UCD0068

Clinical data
- Other names: UCD-0068; Des-B-LSD; "Compound 163"; "Compound VIII"
- Drug class: Serotonin receptor modulator; Serotonin 5-HT_{2A} receptor agonist; Serotonin 5-HT_{2B} receptor agonist; Simplified/partial LSD analogue
- ATC code: None;

Identifiers
- IUPAC name N,N-diethyl-4-methyl-2,3,4,4a,5,6-hexahydrobenzo(f)quinoline-2-carboxamide;

Chemical and physical data
- Formula: C_{19}H_{26}N_{2}O
- Molar mass: 298.430 g·mol^{−1}
- 3D model (JSmol): Interactive image;
- SMILES O=C(N(CC)CC)C1CN(C)C(C2=C1)CCC3=C2C=CC=C3;
- InChI InChI=1S/C19H26N2O/c1-4-21(5-2)19(22)15-12-17-16-9-7-6-8-14(16)10-11-18(17)20(3)13-15/h6-9,12,15,18H,4-5,10-11,13H2,1-3H3; Key:JGQWVWVCCZKKOC-UHFFFAOYSA-N;

= UCD0068 =

UCD0068, also known as des-B-LSD, is a putatively non-hallucinogenic serotonin receptor modulator related to the psychedelic drug LSD. It is a simplified or partial lysergamide and is the deconstructed analogue of LSD in which the B ring (the pyrrole component of the indole ring) has been removed. The drug can also be thought of as a cyclized phenethylamine.

== Pharmacology ==
UCD0068 shows weak affinity for the serotonin 5-HT_{2A} receptor (K_{i} = 890 nM).
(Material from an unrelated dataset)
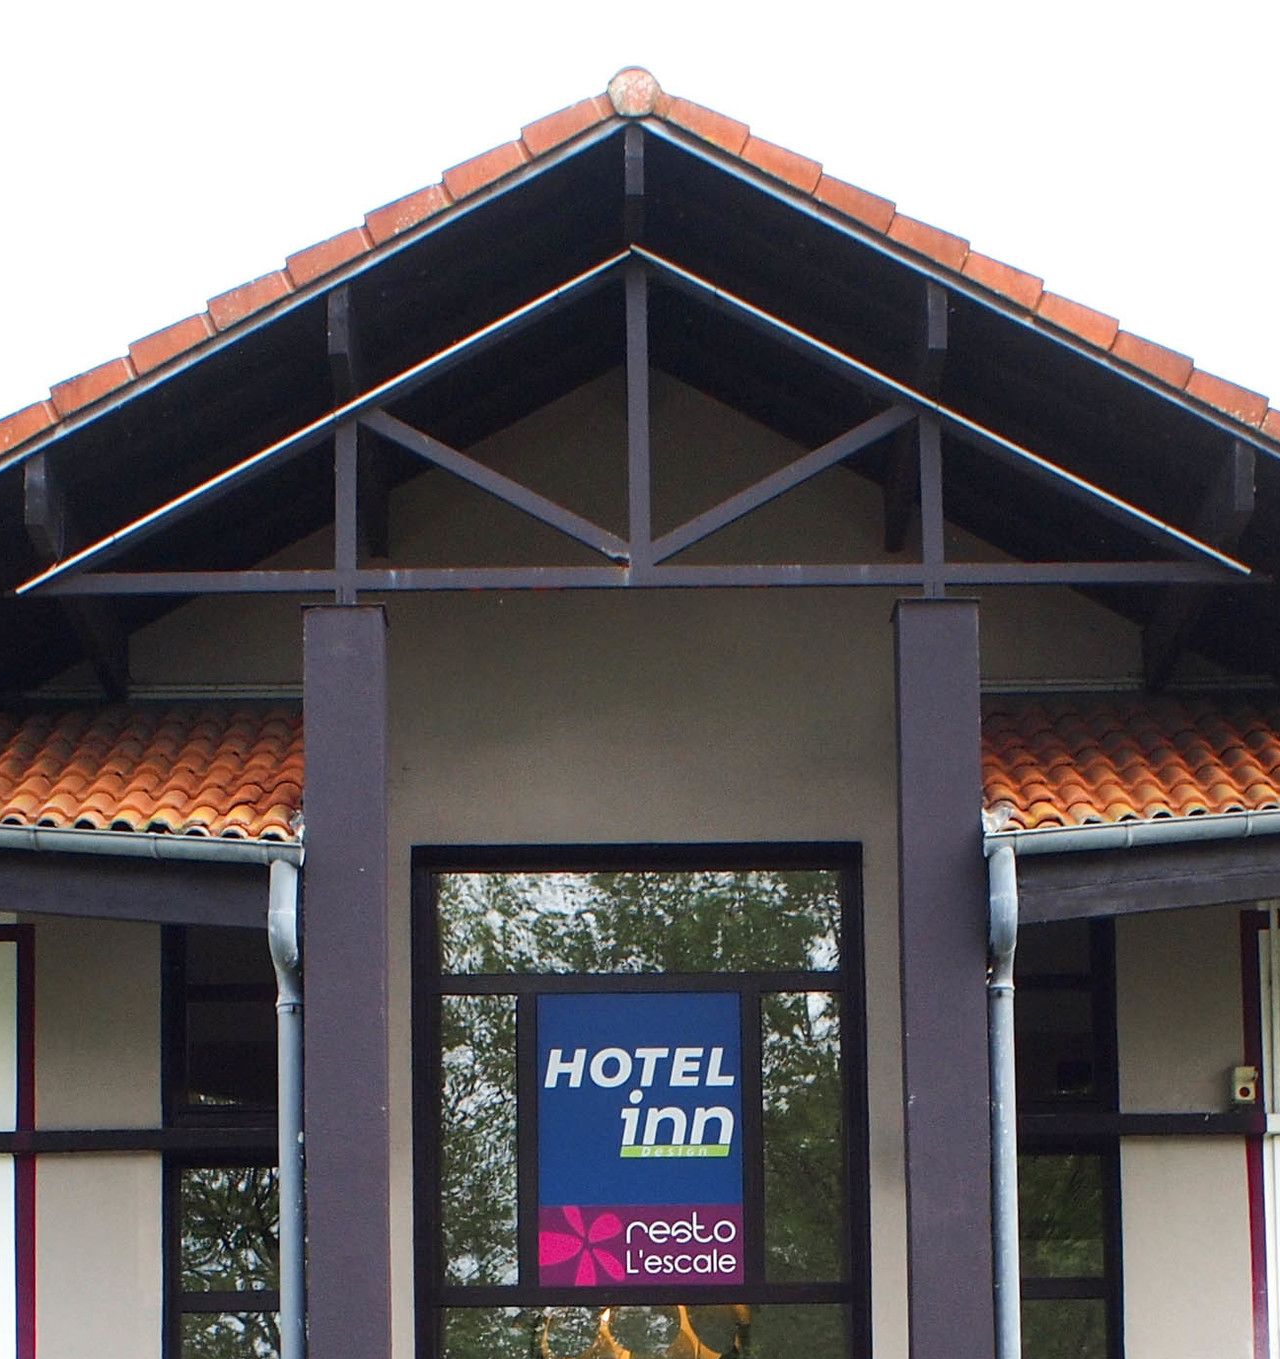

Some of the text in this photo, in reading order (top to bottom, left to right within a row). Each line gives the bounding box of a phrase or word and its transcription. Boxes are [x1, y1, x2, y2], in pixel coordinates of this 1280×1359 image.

[544, 1047, 735, 1088] HOTEL
[621, 1089, 734, 1145] inn
[626, 1211, 736, 1244] resto
[626, 1249, 737, 1274] L'escale
The drug's affinity for this receptor was 166-fold lower than that of LSD. UCD0068 acts as a moderate-to-high efficacy partial agonist of the serotonin 5-HT_{2A}, 5-HT_{2B}, and 5-HT_{2C} receptors. Its EC_{50} and E_{max} values at these receptors were found to be 104 nM (60%) at the serotonin 5-HT_{2A} receptor, 9.24 nM (61%) at the serotonin 5-HT_{2B} receptor, and 176 nM (89%) at the serotonin 5-HT_{2C} receptor. The drug was 188-fold, 17-fold, and 283-fold less potent as an agonist of these receptors than LSD, respectively. Hence, it is a relatively selective serotonin 5-HT_{2B} receptor agonist.

In contrast to LSD and another partial lysergamide known as UCD0120 (dides-B,C-LSD), UCD0068 failed to induce the head-twitch response, a behavioral proxy of psychedelic effects, in rodents. As such, UCD0068 would be expected to be non-hallucinogenic in humans.

== Chemistry ==

The chemical synthesis of UCD0068 has been described. A variety of other deconstructed analogues of LSD along with UCD0068 have also been described.

== History ==

UCD0068 was first described in the scientific literature by Zenichi Horii and colleagues by 1967. Subsequently, it was studied and described in greater detail by David E. Olson and colleagues at the University of California, Davis in 2026.